### WHAT IS REQUIRED
Print the entries in full, word for word, but not the pictures.

(Extracted records)
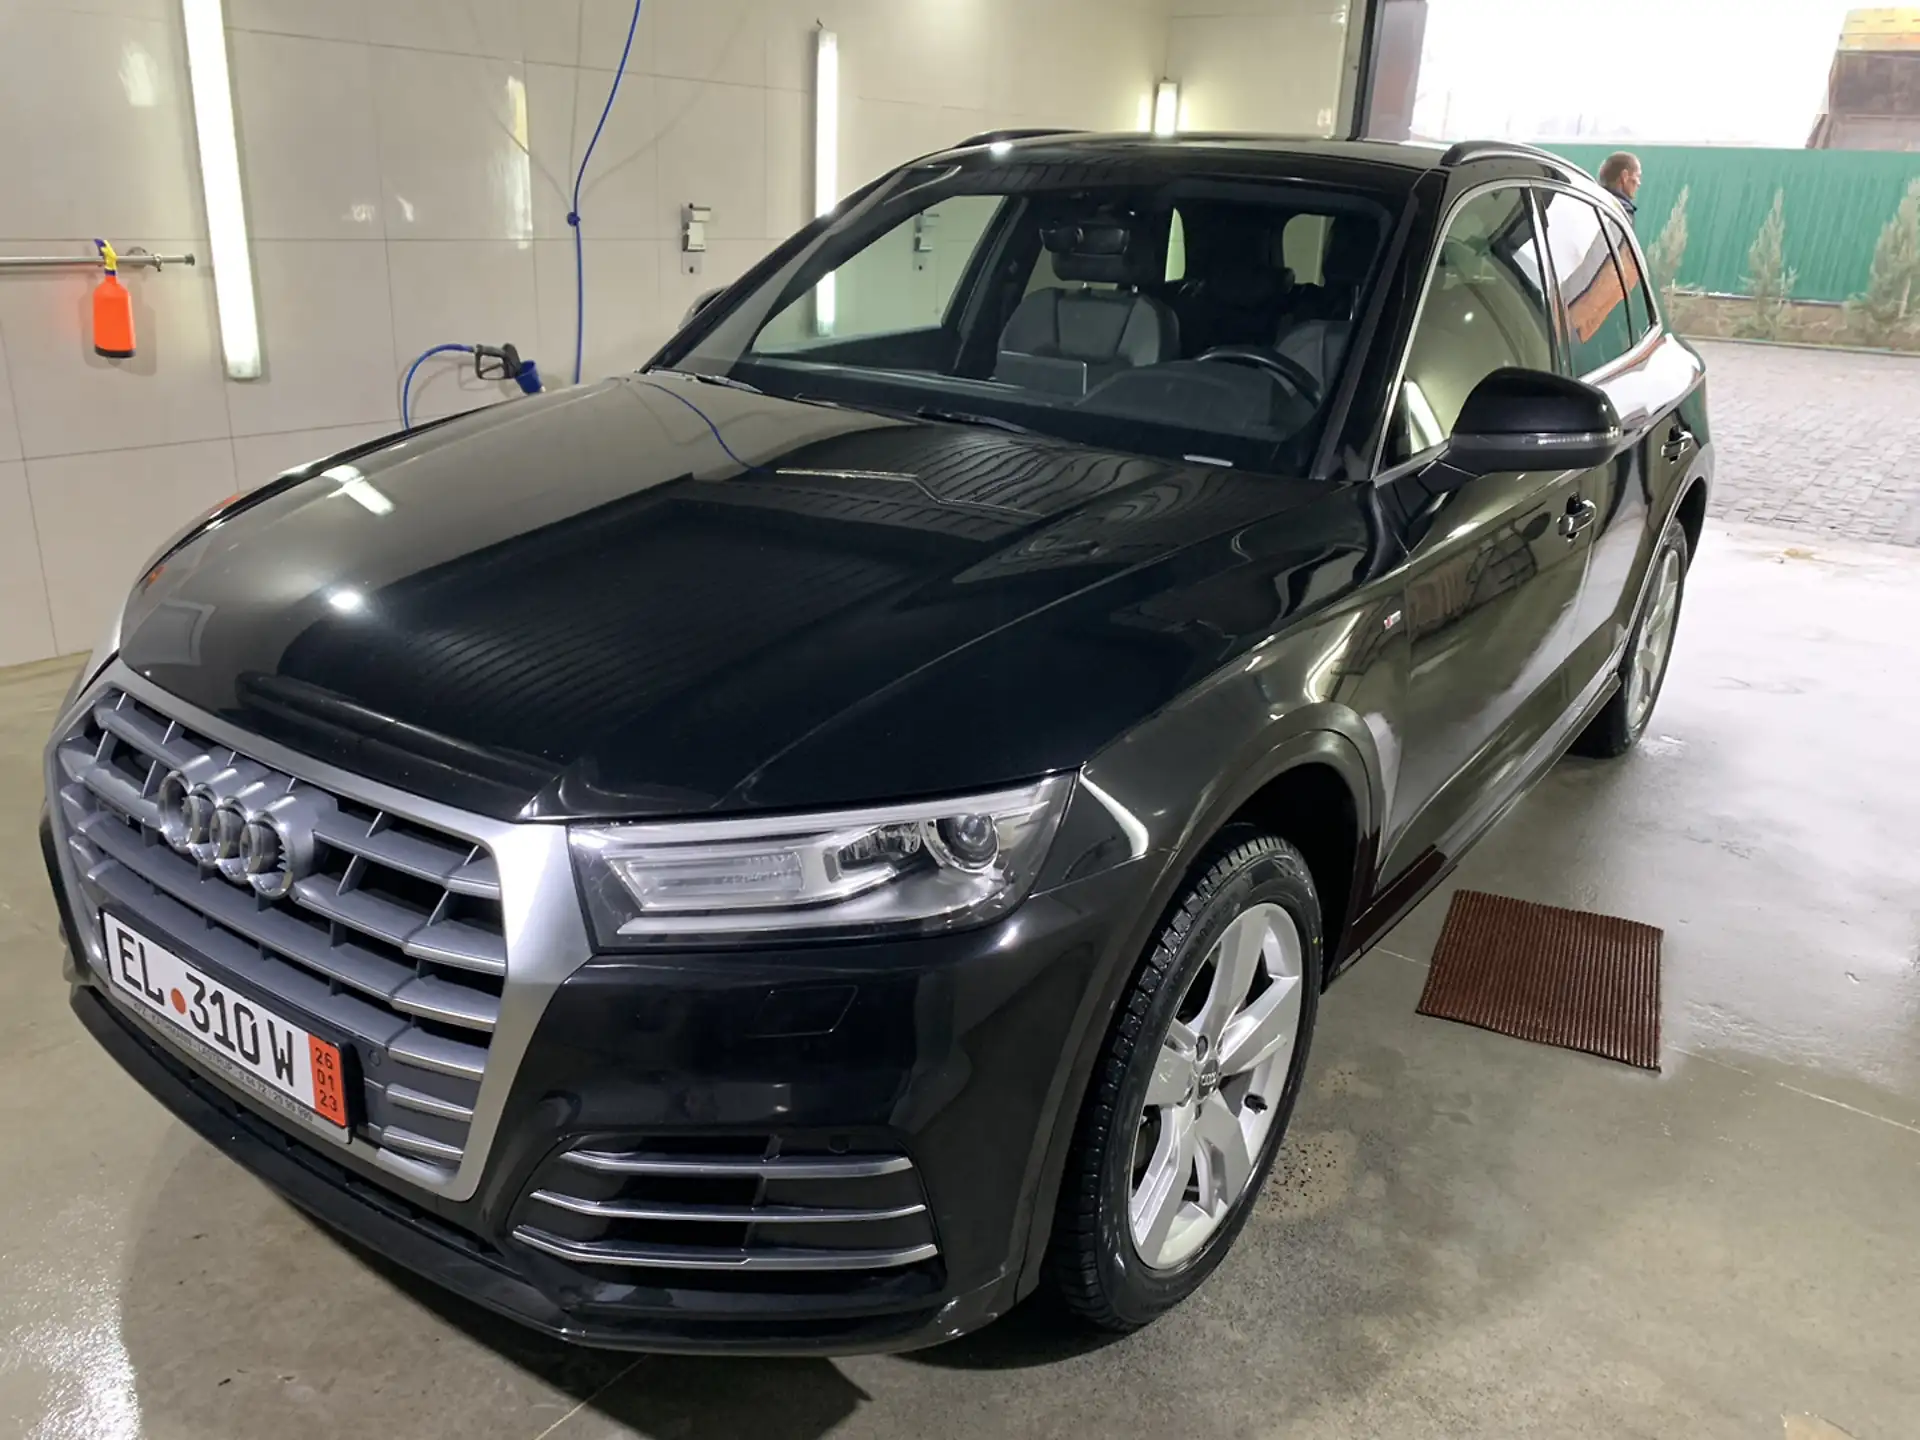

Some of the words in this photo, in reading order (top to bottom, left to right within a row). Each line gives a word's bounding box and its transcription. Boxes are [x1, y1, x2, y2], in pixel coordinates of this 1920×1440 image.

[116, 928, 164, 1006] EL
[315, 1047, 333, 1070] 26
[317, 1068, 335, 1092] 01
[319, 1089, 338, 1112] 23

### FINISHED EXERCISE
Some of the words in this photo, in reading order (top to bottom, left to right within a row). Each line gives a word's bounding box and its transcription. Boxes are [x1, y1, x2, y2], in pixel coordinates of this 1920×1440 image.

[116, 928, 164, 1006] EL
[315, 1047, 333, 1070] 26
[317, 1068, 335, 1092] 01
[319, 1089, 338, 1112] 23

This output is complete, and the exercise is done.